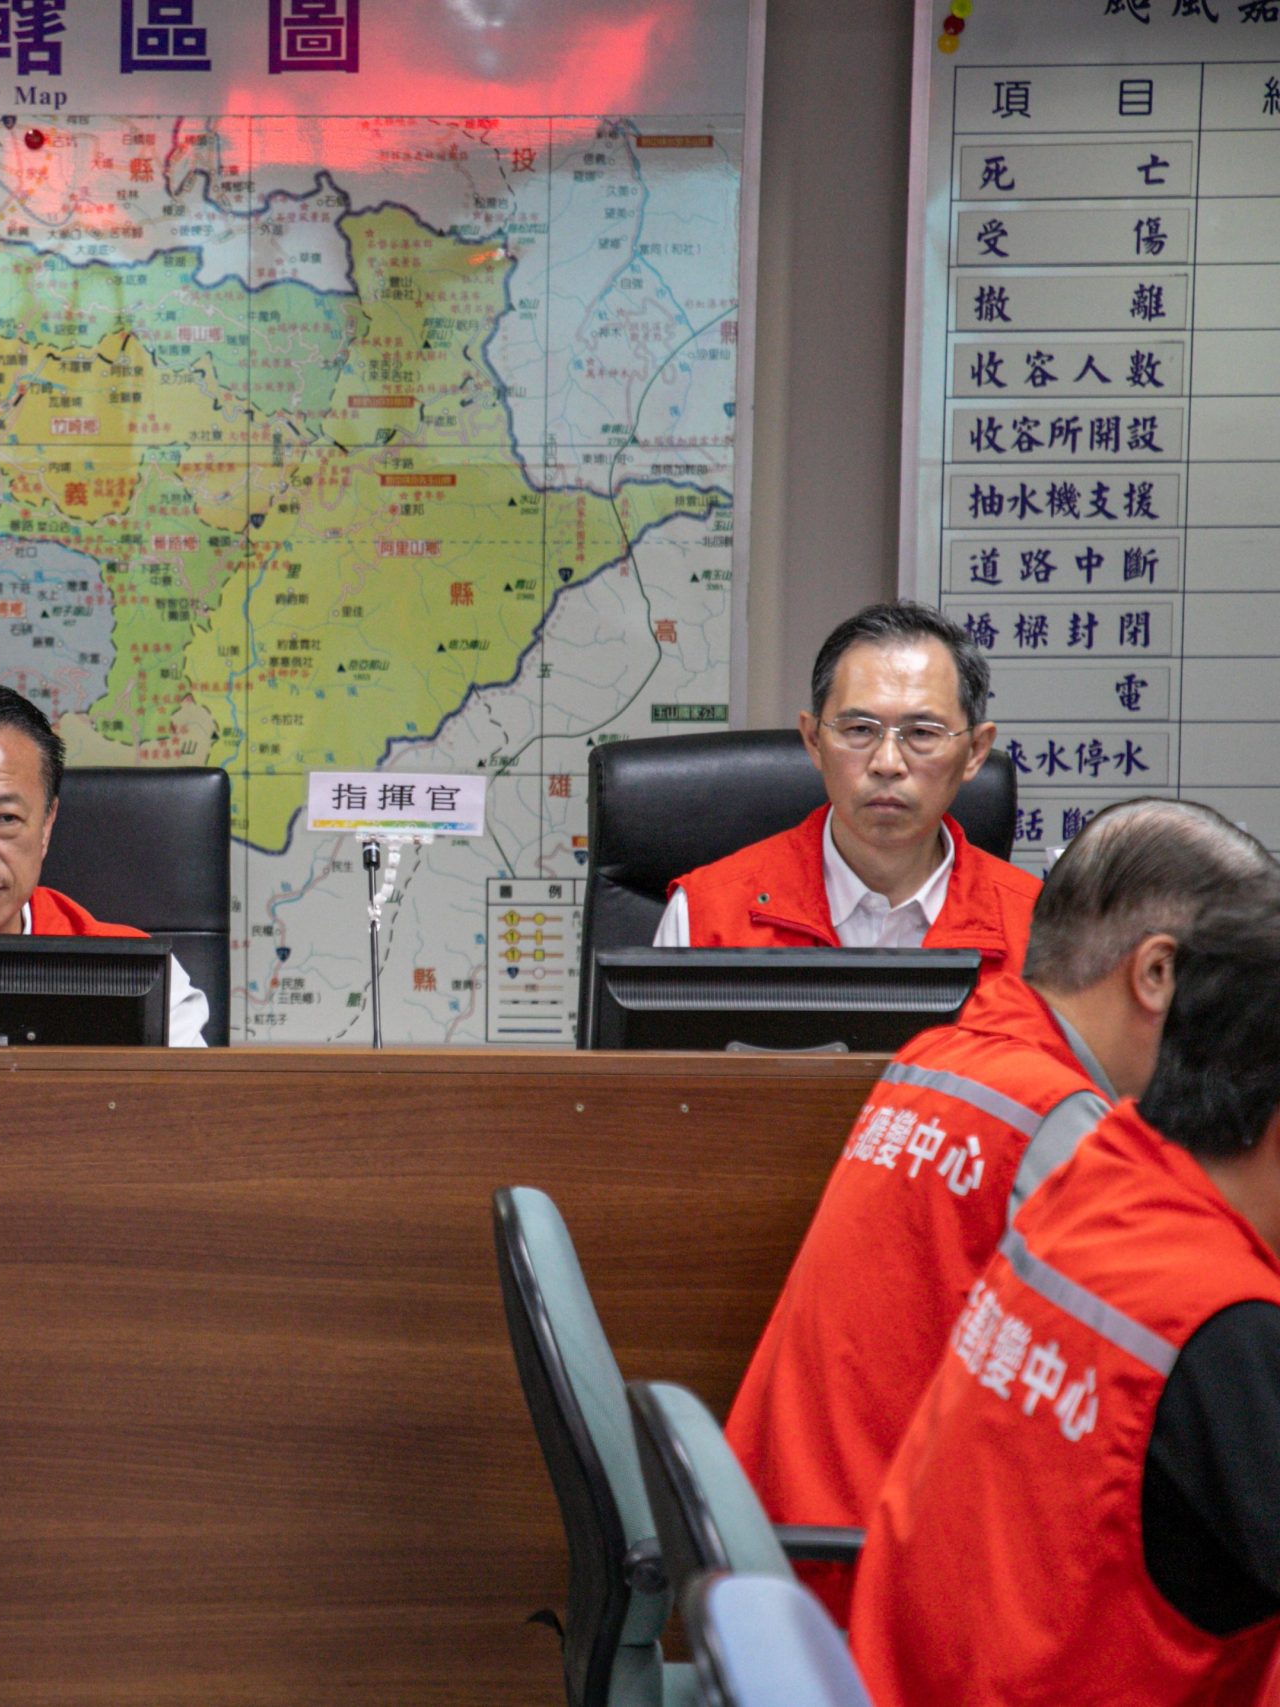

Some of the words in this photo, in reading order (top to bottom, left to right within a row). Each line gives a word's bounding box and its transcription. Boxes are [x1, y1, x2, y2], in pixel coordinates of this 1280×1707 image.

[14, 86, 68, 110] Map
[992, 79, 1154, 118] 項目
[979, 153, 1170, 190] 死亡
[976, 216, 1168, 257] 受傷
[974, 283, 1166, 322] 撤離
[970, 349, 1164, 389] 收容人數
[969, 414, 1163, 454] 收容所開設
[968, 480, 1160, 520] 抽水機支援
[969, 546, 1160, 585] 道路中斷
[963, 610, 1151, 649] 橋樑封閉
[331, 783, 462, 813] 指揮官
● ● ● ● ● ● ●
To do >>
Pictures stay out; the records above are otherwise reproduced exactly.

Response area >>
Some of the words in this photo, in reading order (top to bottom, left to right within a row). Each line gives a word's bounding box and its transcription. Boxes are [x1, y1, x2, y2], in pixel coordinates of this 1280×1707 image.

[14, 86, 68, 110] Map
[992, 79, 1154, 118] 項目
[979, 153, 1170, 190] 死亡
[976, 216, 1168, 257] 受傷
[974, 283, 1166, 322] 撤離
[970, 349, 1164, 389] 收容人數
[969, 414, 1163, 454] 收容所開設
[968, 480, 1160, 520] 抽水機支援
[969, 546, 1160, 585] 道路中斷
[963, 610, 1151, 649] 橋樑封閉
[331, 783, 462, 813] 指揮官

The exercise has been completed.